Con la presentación del proyecto de reajuste 2026 para el sector público, el Gobierno reincide en la mala práctica de transformar esta normativa en una ley miscelánea, al incorporar en ella una diversidad de otras materias que poco tienen que ver, incluso, entre sí. Esta forma de legislar dificulta una discusión acabada de los temas y suele derivar en normativas apresuradas, cuyos alcances a veces terminan sorprendiendo a los propios parlamentarios y a una opinión pública que escasamente logra informarse, pese a tratarse de asuntos de alta trascendencia.
Esta vez, la atención se ha centrado en las llamadas normas de amarre, referidas a la renovación del personal a contrata. Parece, ciertamente, un despropósito pretender reformar parte del estatuto del empleo público por la vía de un reajuste tramitado en las postrimerías de un gobierno.
No es, sin embargo, la única materia cuya inclusión en este proyecto de ¡129 artículos! resulta discutible. Además de una serie de disposiciones sobre la contratación de los asesores de confianza de las principales autoridades del país —a las que tendría que atenerse la administración entrante—, el texto aborda materias tan disímiles como la ley eléctrica y las obligaciones de las empresas para con los enfermos electrodependientes; la habilitación de Enap para participar en proyectos de hidrógeno verde; la creación de un Comité Interministerial para el Desarrollo Sostenible; la modificación del calendario de instalación de 13 servicios locales de educación pública (SLEP); la postergación, hasta 2030, de la nueva estructura curricular de la educación básica y media; la suspensión de la vigencia de todos los reavalúos de bienes raíces que debían entrar a regir en 2026 y 2028, que se postergan para 2027 y 2029, respectivamente, o la entrega a la Subsecretaría de Derechos Humanos de facultades para realizar investigaciones administrativas sobre orígenes y familiares de personas adoptadas irregularmente. Esto, entre otras numerosas propuestas, que hasta incluyen la creación de un segundo juzgado de policía local en Calama o la forma en que debe aplicarse la inhabilidad para contratar con el Estado a quienes hayan sido condenados por infracción a los derechos del trabajador.

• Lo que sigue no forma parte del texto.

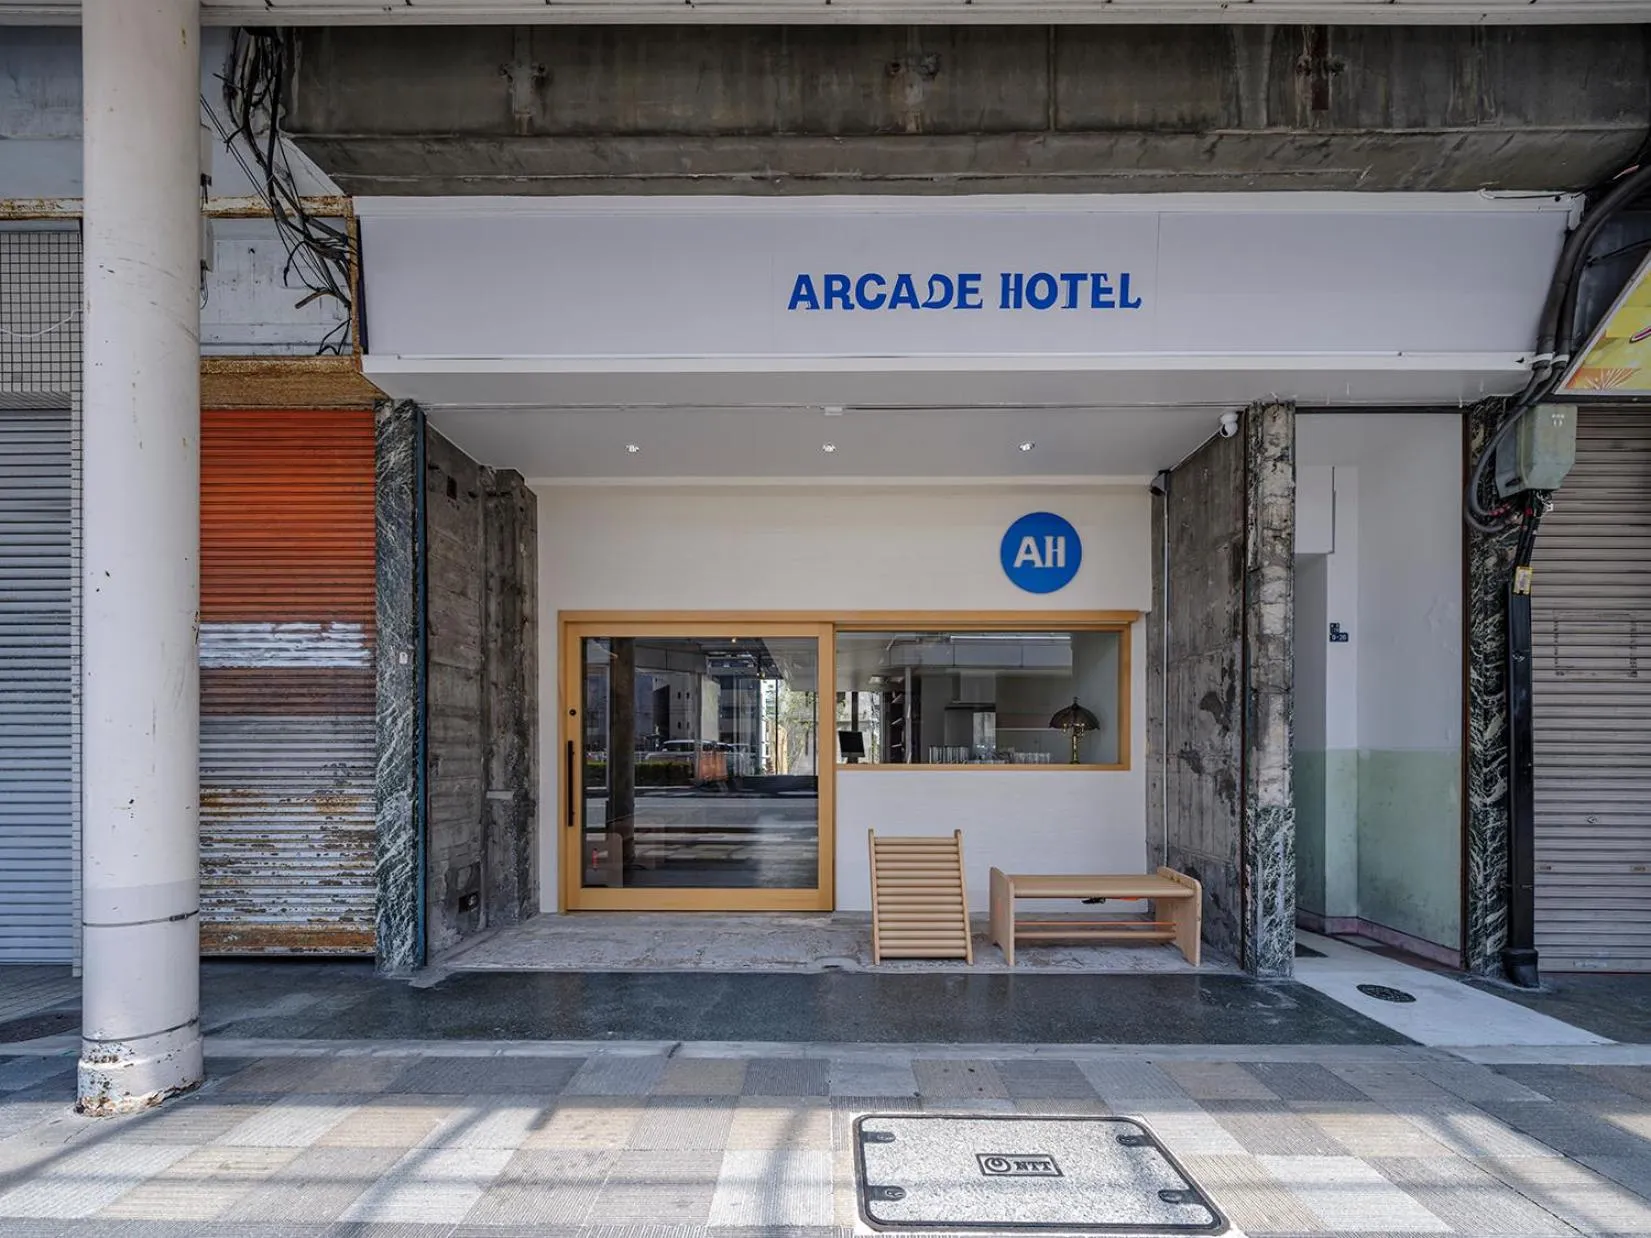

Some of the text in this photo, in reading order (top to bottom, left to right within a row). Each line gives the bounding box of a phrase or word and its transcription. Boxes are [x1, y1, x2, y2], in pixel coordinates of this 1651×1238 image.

[787, 272, 1142, 310] ARCADE HOTEL
[1013, 535, 1066, 568] AH
[1013, 1161, 1052, 1171] NTT

Con todo, tal vez lo más revelador sean los artículos que establecen excepciones para la norma que, a partir de 2027, obligará a jubilarse a los funcionarios del Estado mayores de 75 años, aprobada en la ley de reajuste del año pasado. Como se recordará, meses después de esa aprobación, que en su momento pasó casi desapercibida, autoridades de universidades públicas levantaron la voz para advertir de los problemas que acarrearía; entre otros, la partida obligada de académicos ilustres. Ello generó un debate nacional, en que se hizo notar que incluso ministros del actual Gobierno excedían esa edad. Pudo pensarse que tal experiencia, ejemplo de los resultados de este tipo de apresurada legislación miscelánea, sería aleccionadora y que se entendería que cambios de esa importancia ameritan una discusión profunda, que permita abordar todos sus alcances. En vez, el Gobierno no ha encontrado nada mejor que intentar corregir lo obrado incorporando otra vez el tema en un proyecto de reajuste cuyo solo índice de muy distintas materias ocuparía varias páginas.